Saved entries
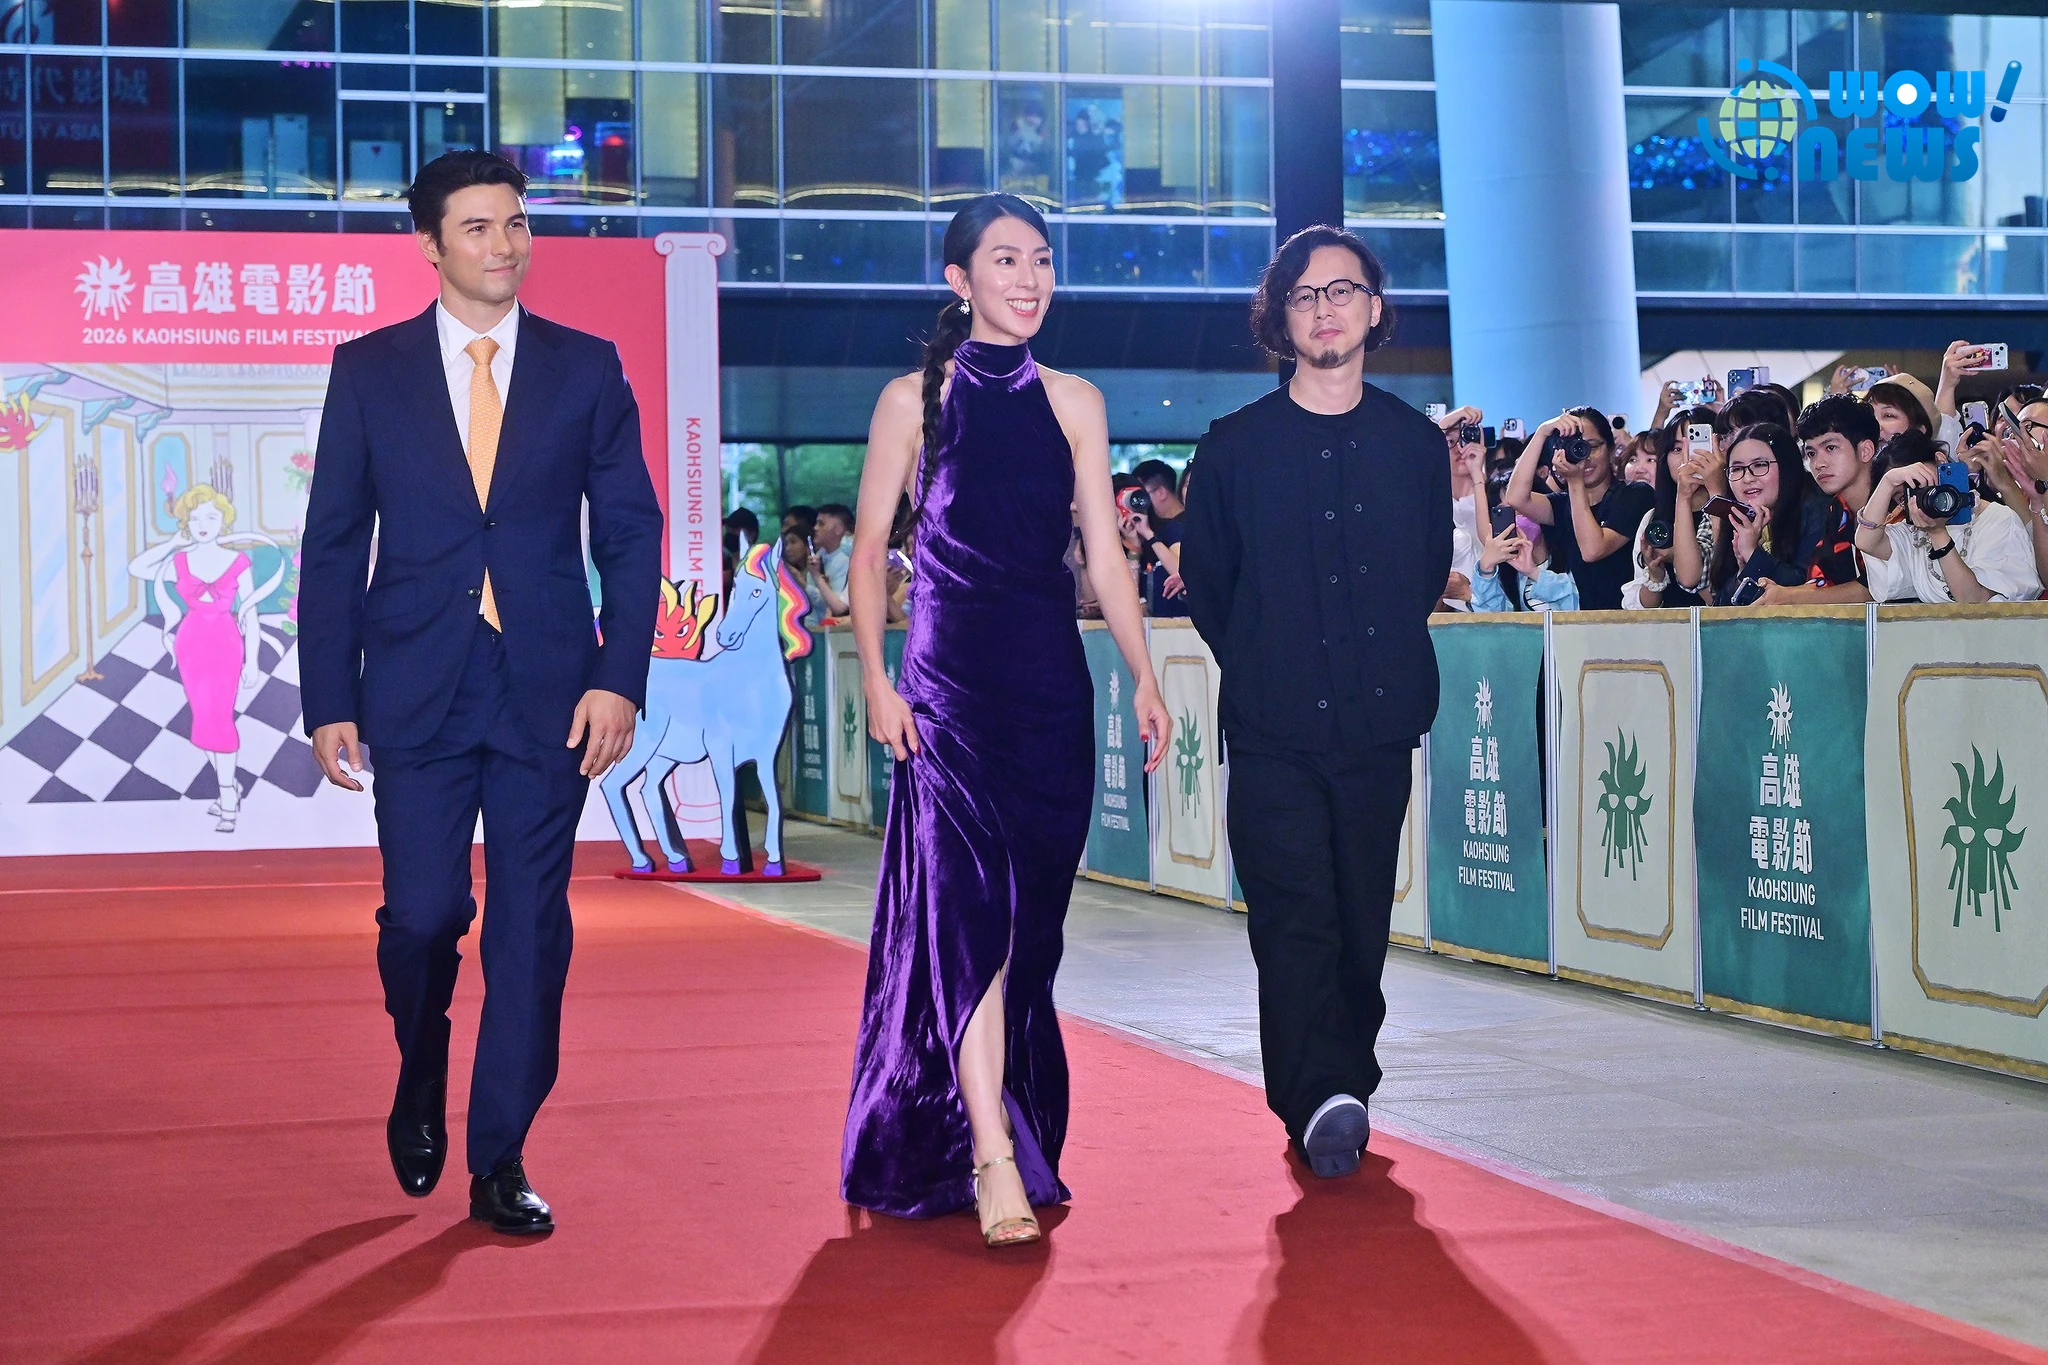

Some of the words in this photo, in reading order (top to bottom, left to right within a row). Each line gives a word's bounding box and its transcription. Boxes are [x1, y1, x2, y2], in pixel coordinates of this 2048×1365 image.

[142, 260, 377, 316] 高雄電影節
[82, 327, 127, 345] 2026
[132, 328, 241, 346] KAOHSIUNG
[245, 328, 288, 346] FILM
[292, 328, 369, 346] FESTIVA
[686, 417, 704, 524] KAOHSIUNG
[687, 530, 704, 572] FILM
[1470, 736, 1500, 782] 高雄
[1760, 752, 1803, 809] 高雄
[1464, 789, 1507, 837] 電影節
[1463, 840, 1510, 863] KAOHSIUNG
[1750, 816, 1813, 874] 電影節
[1458, 866, 1477, 886] FILM
[1478, 869, 1515, 892] FESTIVAL
[1748, 876, 1815, 905] KAOHSIUNG
[1741, 907, 1767, 932] FILM
[1771, 911, 1824, 940] FESTIVAL
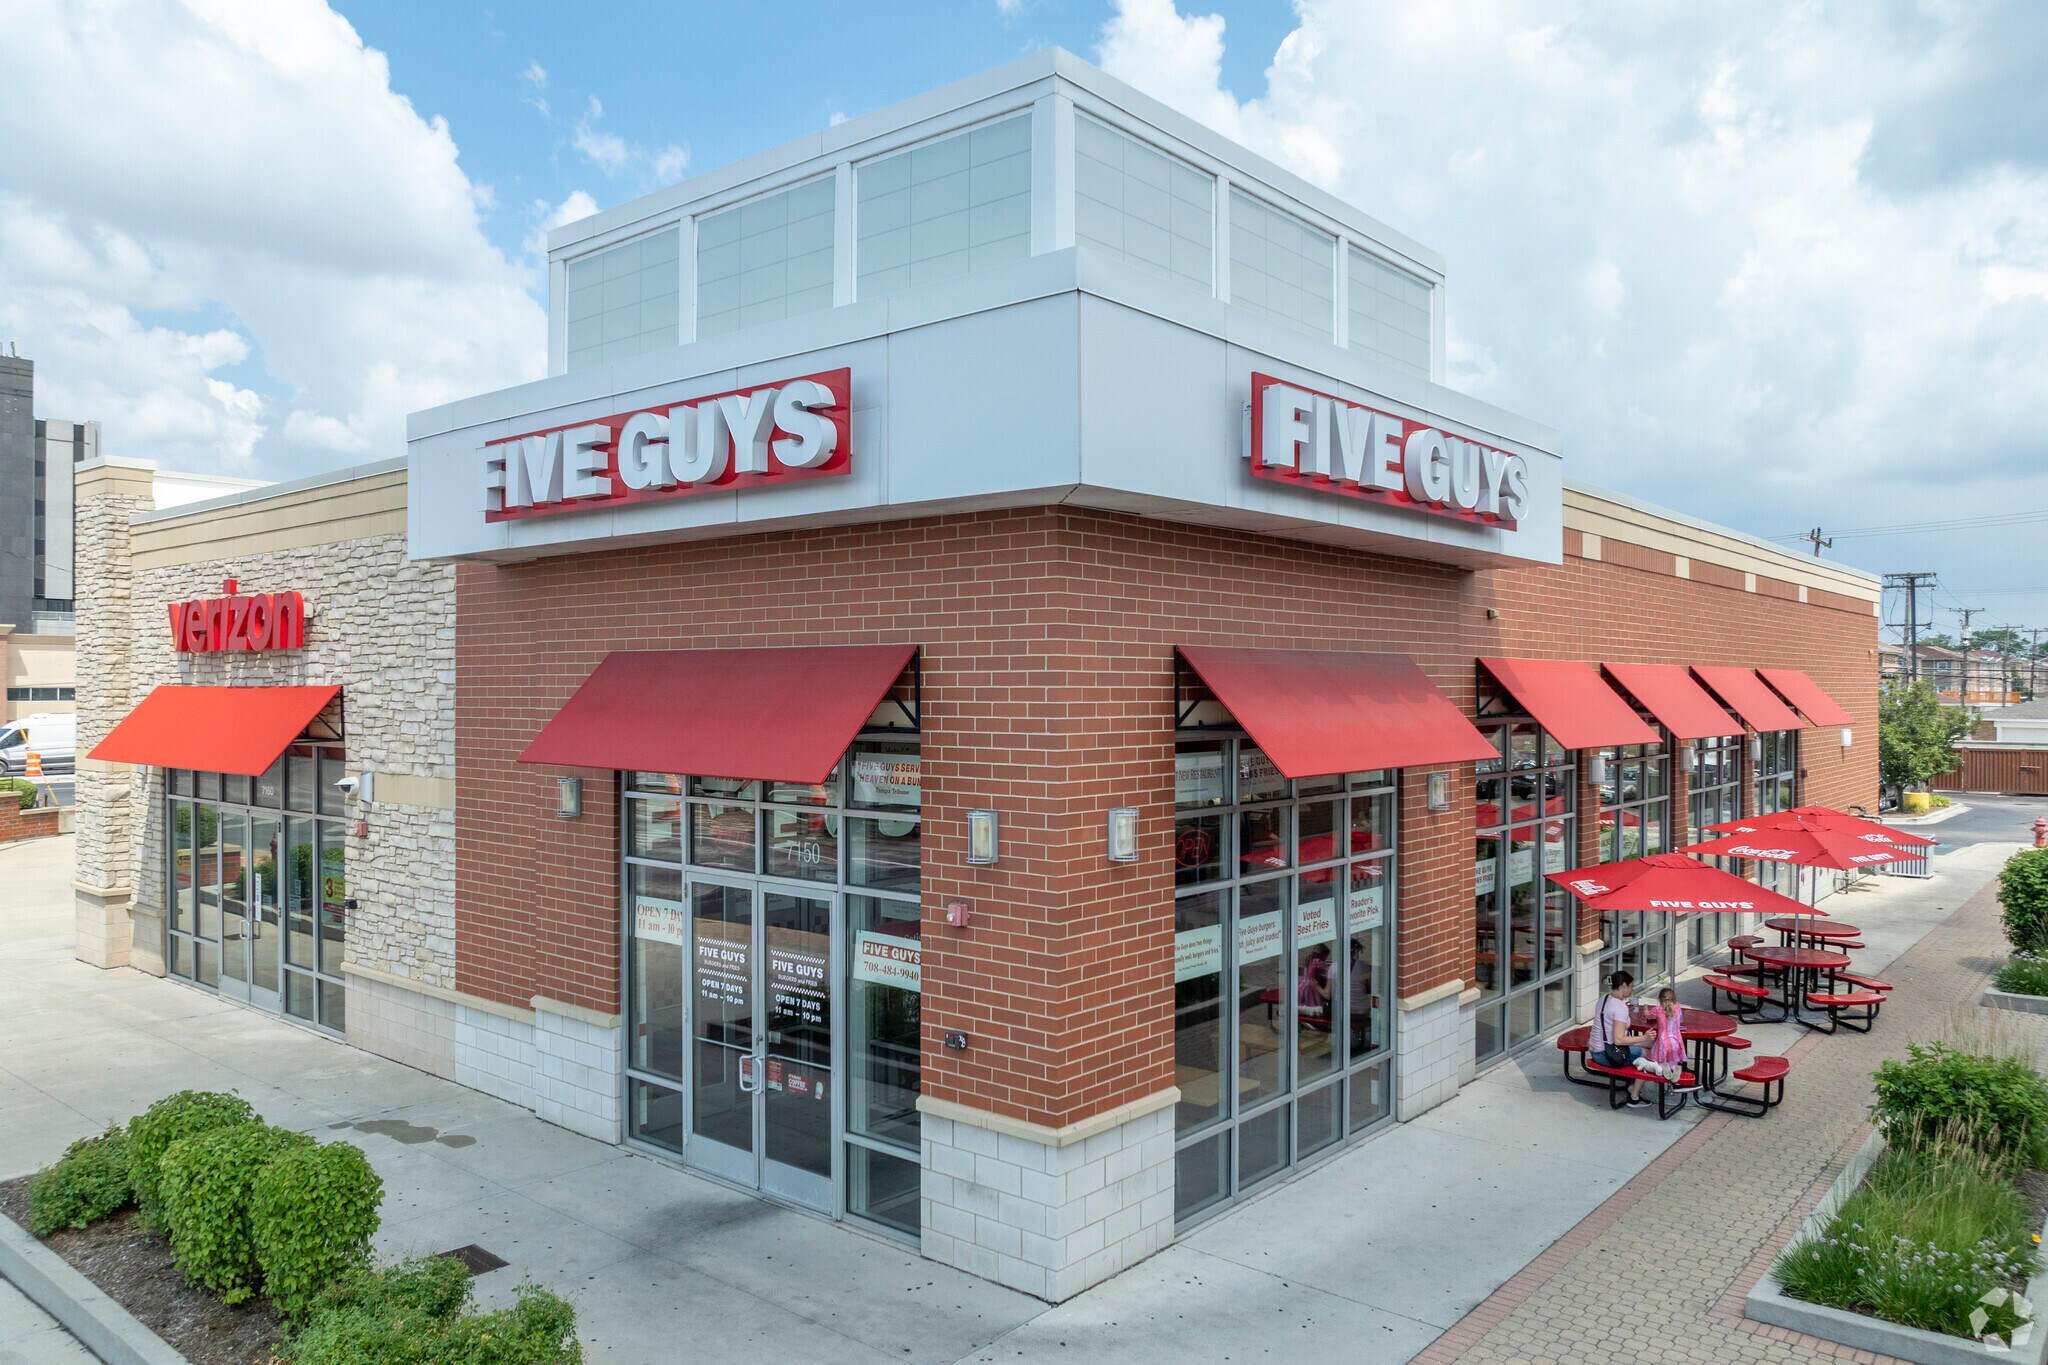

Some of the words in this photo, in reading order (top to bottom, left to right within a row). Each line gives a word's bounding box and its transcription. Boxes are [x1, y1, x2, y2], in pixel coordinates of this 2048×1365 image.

[476, 422, 611, 512] FIVE
[617, 379, 837, 491] GUYS
[1262, 382, 1403, 492] FIVE
[1403, 428, 1529, 521] GUYS
[168, 578, 304, 653] verizon
[880, 762, 899, 772] GUYS
[860, 774, 889, 784] HEAVEN
[890, 776, 899, 785] ON
[900, 777, 906, 786] A
[787, 840, 820, 864] 7150
[325, 877, 334, 898] 3
[637, 904, 661, 919] OPEN
[664, 908, 669, 919] 7
[1367, 905, 1379, 917] Pick
[1650, 900, 1695, 909] FIVE
[1698, 901, 1752, 910] GUYS
[1302, 907, 1322, 922] Voted
[638, 919, 646, 930] 11
[648, 922, 660, 932] am
[668, 924, 675, 935] 10
[1297, 923, 1312, 936] Best
[1313, 920, 1330, 932] Fries
[699, 946, 719, 958] FIVE
[721, 950, 746, 964] GUYS
[863, 942, 888, 957] FIVE
[892, 947, 920, 964] GUYS
[772, 959, 794, 973] FIVE
[796, 964, 824, 979] GUYS
[863, 961, 919, 981] 708-484-9940
[702, 979, 720, 989] OPEN
[720, 982, 725, 991] 7
[726, 984, 743, 994] DAYS
[701, 989, 708, 997] 11
[726, 995, 734, 1004] 10
[775, 994, 795, 1005] OPEN
[796, 998, 801, 1007] 7
[802, 999, 821, 1011] DAYS
[775, 1005, 782, 1013] 11
[783, 1008, 794, 1016] am
[803, 1011, 810, 1020] 10
[811, 1014, 822, 1023] pm
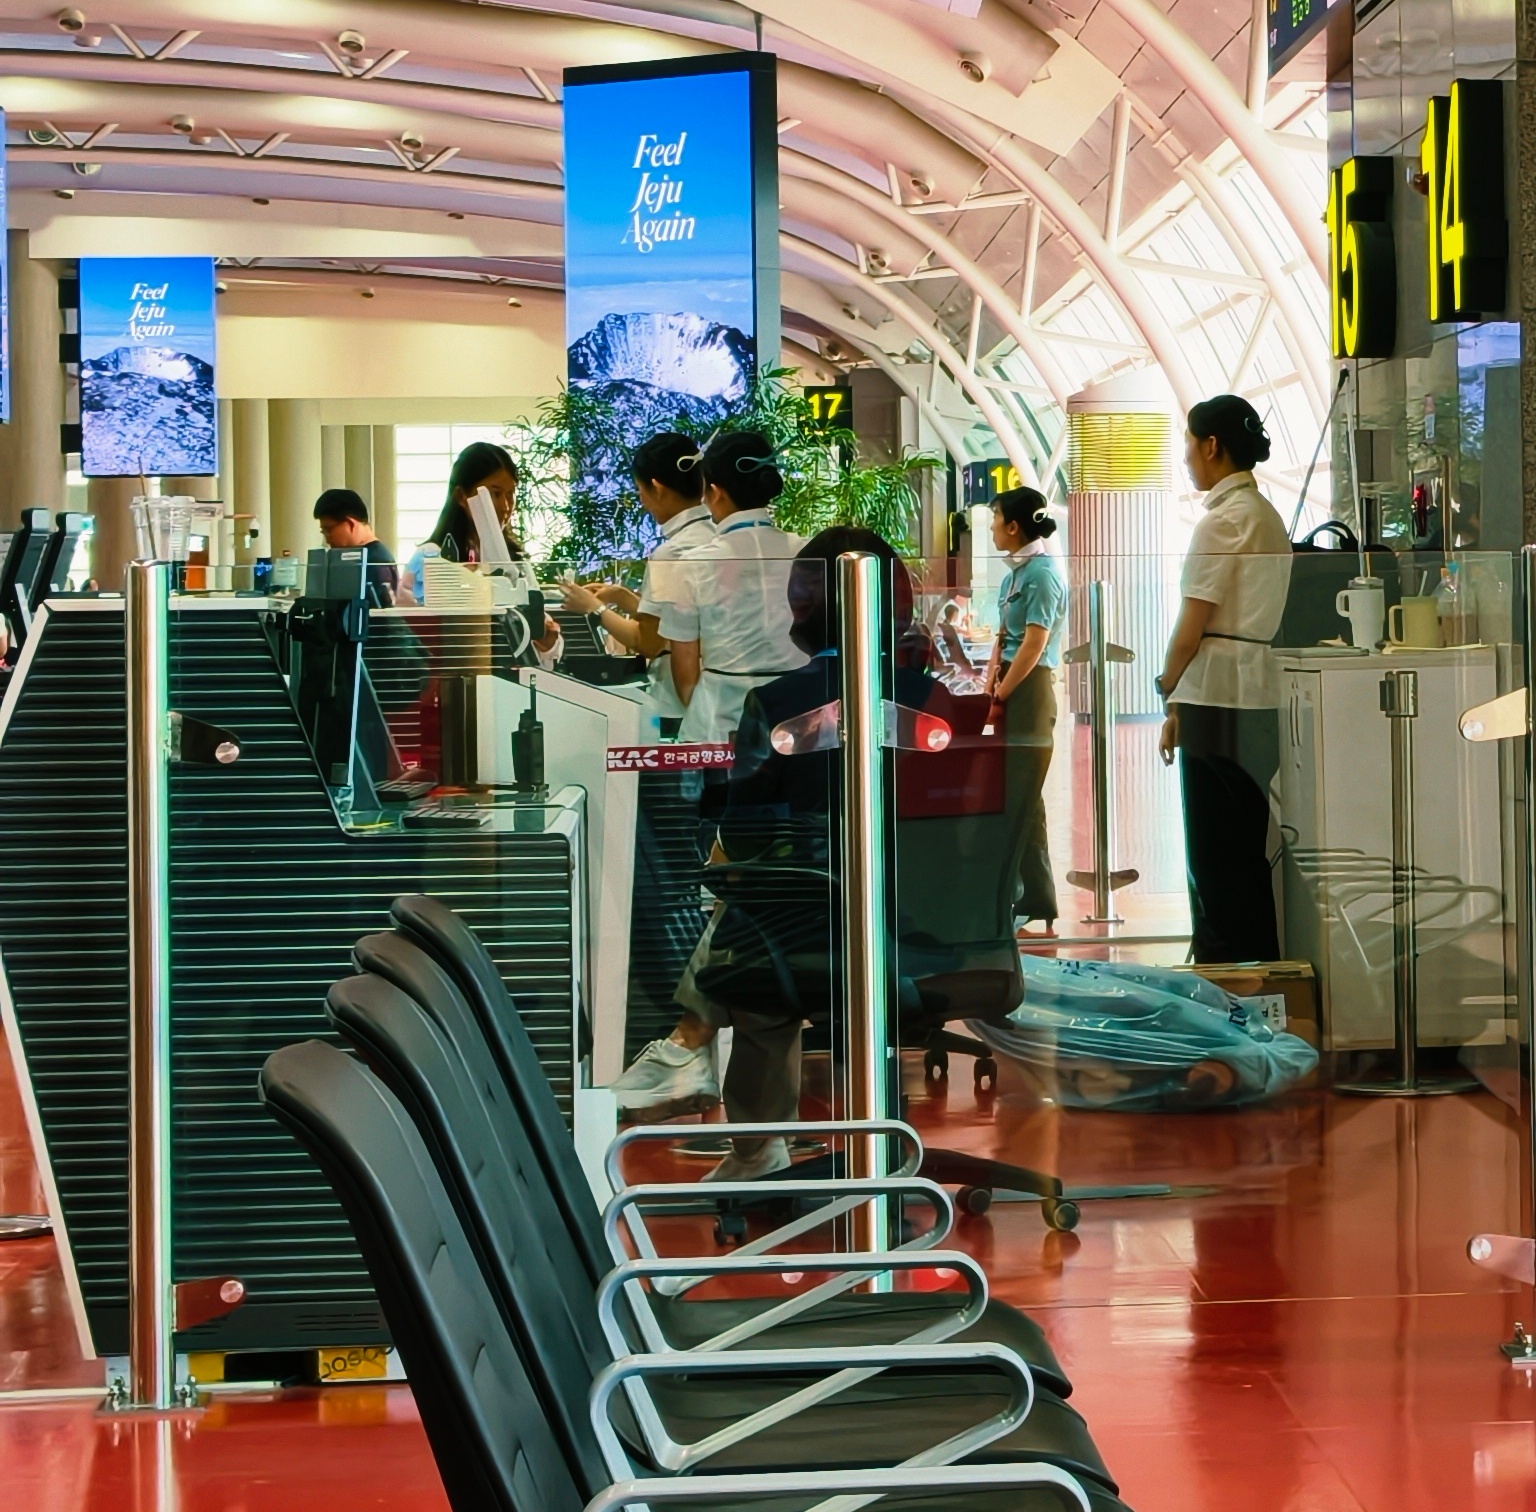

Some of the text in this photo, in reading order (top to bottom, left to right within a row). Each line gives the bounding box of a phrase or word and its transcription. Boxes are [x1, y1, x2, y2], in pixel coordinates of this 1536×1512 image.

[632, 131, 688, 168] Feel
[629, 172, 684, 213] Jeju
[1421, 82, 1464, 321] 14
[620, 210, 696, 253] Again
[1326, 158, 1359, 357] 15
[129, 282, 169, 300] Feel
[128, 301, 166, 322] Jeju
[121, 320, 175, 342] Again
[808, 393, 842, 420] 17
[607, 749, 659, 768] KAC

The task - All records are to be reproduced exactly; the pictures are to be omitted.

Answer box -
Some of the words in this photo, in reading order (top to bottom, left to right within a row). Each line gives a word's bounding box and its transcription. Boxes are [x1, y1, x2, y2], in pixel coordinates of this 2048×1365 image.

[142, 260, 377, 316] 高雄電影節
[82, 327, 127, 345] 2026
[132, 328, 241, 346] KAOHSIUNG
[245, 328, 288, 346] FILM
[292, 328, 369, 346] FESTIVA
[686, 417, 704, 524] KAOHSIUNG
[687, 530, 704, 572] FILM
[1470, 736, 1500, 782] 高雄
[1760, 752, 1803, 809] 高雄
[1464, 789, 1507, 837] 電影節
[1463, 840, 1510, 863] KAOHSIUNG
[1750, 816, 1813, 874] 電影節
[1458, 866, 1477, 886] FILM
[1478, 869, 1515, 892] FESTIVAL
[1748, 876, 1815, 905] KAOHSIUNG
[1741, 907, 1767, 932] FILM
[1771, 911, 1824, 940] FESTIVAL

Some of the words in this photo, in reading order (top to bottom, left to right within a row). Each line gives a word's bounding box and its transcription. Boxes are [x1, y1, x2, y2], in pixel coordinates of this 2048×1365 image.

[476, 422, 611, 512] FIVE
[617, 379, 837, 491] GUYS
[1262, 382, 1403, 492] FIVE
[1403, 428, 1529, 521] GUYS
[168, 578, 304, 653] verizon
[880, 762, 899, 772] GUYS
[860, 774, 889, 784] HEAVEN
[890, 776, 899, 785] ON
[900, 777, 906, 786] A
[787, 840, 820, 864] 7150
[325, 877, 334, 898] 3
[637, 904, 661, 919] OPEN
[664, 908, 669, 919] 7
[1367, 905, 1379, 917] Pick
[1650, 900, 1695, 909] FIVE
[1698, 901, 1752, 910] GUYS
[1302, 907, 1322, 922] Voted
[638, 919, 646, 930] 11
[648, 922, 660, 932] am
[668, 924, 675, 935] 10
[1297, 923, 1312, 936] Best
[1313, 920, 1330, 932] Fries
[699, 946, 719, 958] FIVE
[721, 950, 746, 964] GUYS
[863, 942, 888, 957] FIVE
[892, 947, 920, 964] GUYS
[772, 959, 794, 973] FIVE
[796, 964, 824, 979] GUYS
[863, 961, 919, 981] 708-484-9940
[702, 979, 720, 989] OPEN
[720, 982, 725, 991] 7
[726, 984, 743, 994] DAYS
[701, 989, 708, 997] 11
[726, 995, 734, 1004] 10
[775, 994, 795, 1005] OPEN
[796, 998, 801, 1007] 7
[802, 999, 821, 1011] DAYS
[775, 1005, 782, 1013] 11
[783, 1008, 794, 1016] am
[803, 1011, 810, 1020] 10
[811, 1014, 822, 1023] pm

Some of the text in this photo, in reading order (top to bottom, left to right within a row). Each line gives the bounding box of a phrase or word and its transcription. Boxes are [x1, y1, x2, y2], in pixel coordinates of this 1536×1512 image.

[632, 131, 688, 168] Feel
[629, 172, 684, 213] Jeju
[1421, 82, 1464, 321] 14
[620, 210, 696, 253] Again
[1326, 158, 1359, 357] 15
[129, 282, 169, 300] Feel
[128, 301, 166, 322] Jeju
[121, 320, 175, 342] Again
[808, 393, 842, 420] 17
[607, 749, 659, 768] KAC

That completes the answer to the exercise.